Composer Ennio Morricone was in a grumpy mood during his interview with Playboy Germany, attacking director Quentin Tarantino, Hollywood, and the US, all of which have provided him much career success.
In a “tell those kids to stay off my lawn” diatribe, the 90-year-old Morricone – whose scores graced such spaghetti westerns such as The Good, The Bad and The Ugly – called Tarantinos work “trash” and described him as a “cretin” whose output was “not original.”
Morricone provided the score to Tarantinos Western, The Hateful Eight, winning his first Academy Award for the work.

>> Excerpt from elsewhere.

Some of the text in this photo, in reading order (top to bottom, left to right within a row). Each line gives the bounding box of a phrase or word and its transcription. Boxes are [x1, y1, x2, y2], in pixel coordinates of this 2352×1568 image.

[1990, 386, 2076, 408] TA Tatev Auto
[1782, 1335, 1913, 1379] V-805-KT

“The man is a cretin,” Morricone complained. “He just steals from others and puts it together again. There is nothing original about that. And he is not a director, either. So not comparable to real Hollywood greats like John Huston, Alfred Hitchcock or Billy Wilder. They were great. Tarantino is just cooking up old stuff.

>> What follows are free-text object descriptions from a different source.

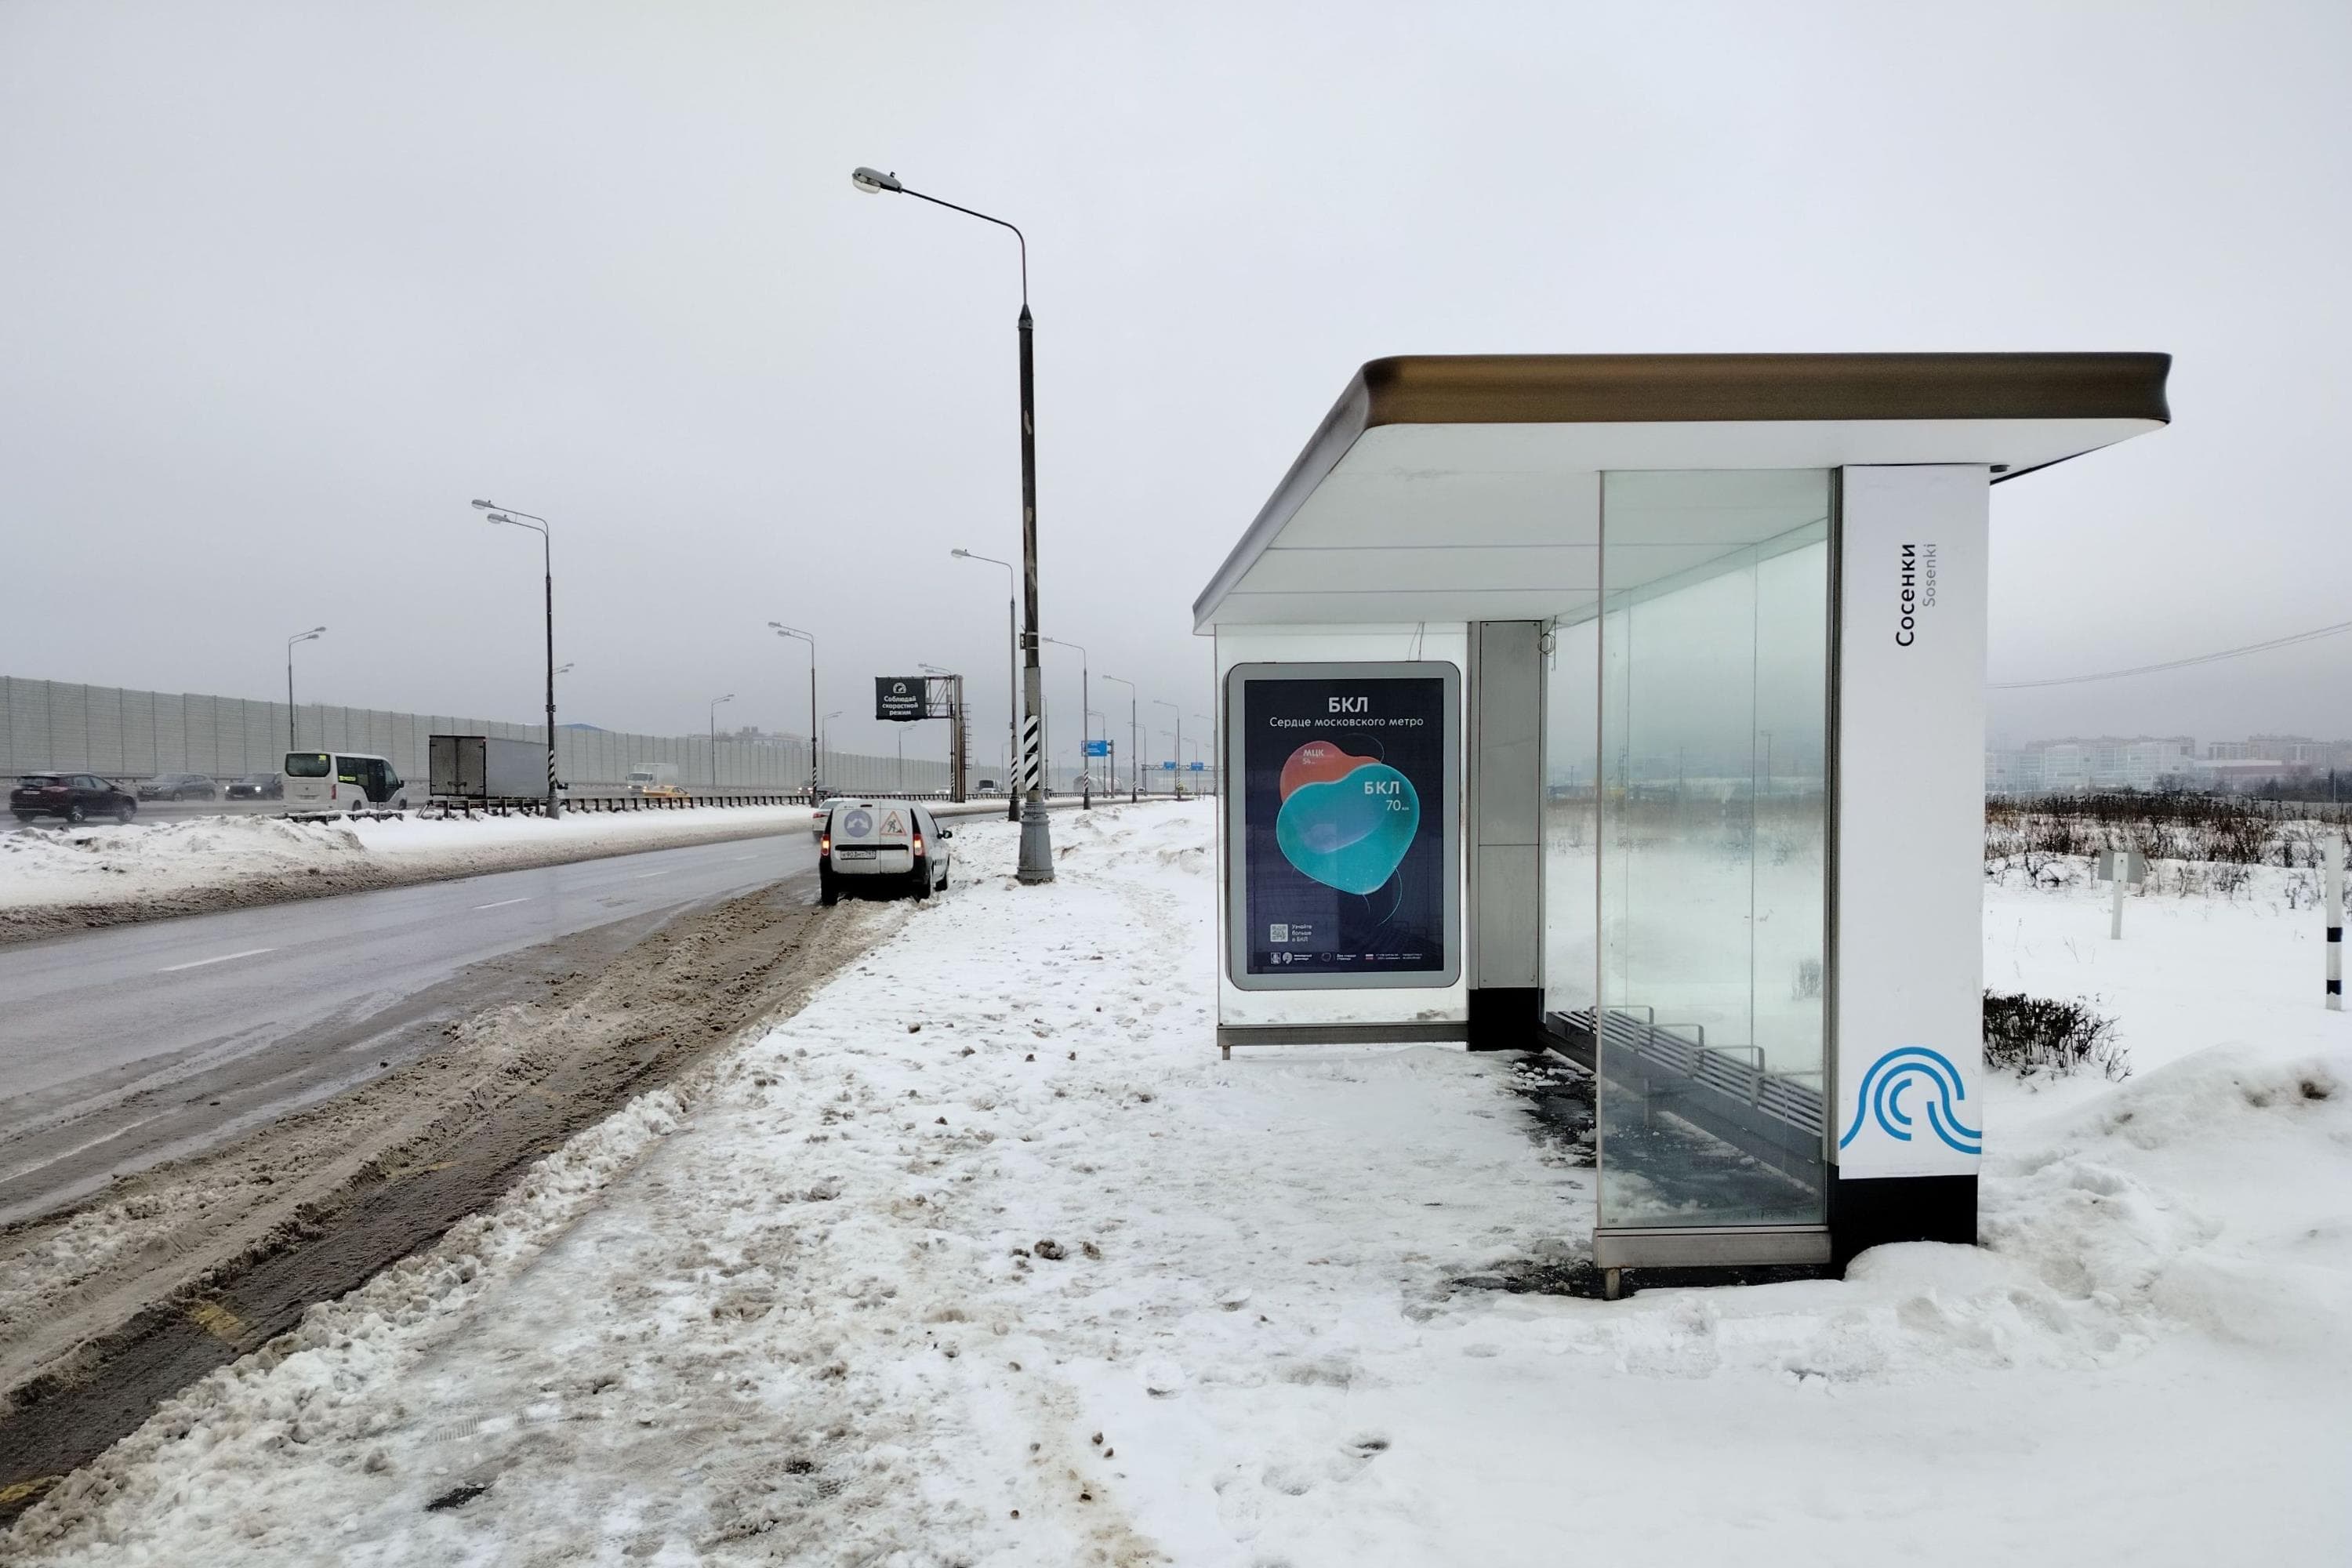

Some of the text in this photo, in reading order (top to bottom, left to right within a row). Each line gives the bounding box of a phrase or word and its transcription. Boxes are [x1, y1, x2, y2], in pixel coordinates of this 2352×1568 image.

[1922, 543, 1936, 607] Sosenki
[1896, 544, 1915, 647] Сосенки
[1328, 697, 1368, 713] БКЛ
[1269, 717, 1424, 728] Сердце московского метро
[1303, 749, 1324, 757] МЦК
[1364, 781, 1399, 794] БКЛ
[1385, 800, 1401, 811] 70

Tarantino was present at Morricones Hollywood Walk of Fame star unveiling in 2016, so the enmity is relatively new and apparently related to the pressure of grinding out a score.
“He calls out of nowhere and then wants to have a finished film score within days, which is impossible,” Morricone said. “Which makes me crazy! Because thats just not possible.”
Morricone said he no longer desires to travel “to this dreadful America, with these pompous pomposities, these embarrassments like the Oscars and the whole frippery.”
The composers last score was The Correspondence, an Italian-English film starring Jeremy Irons and Olga Kurylenko.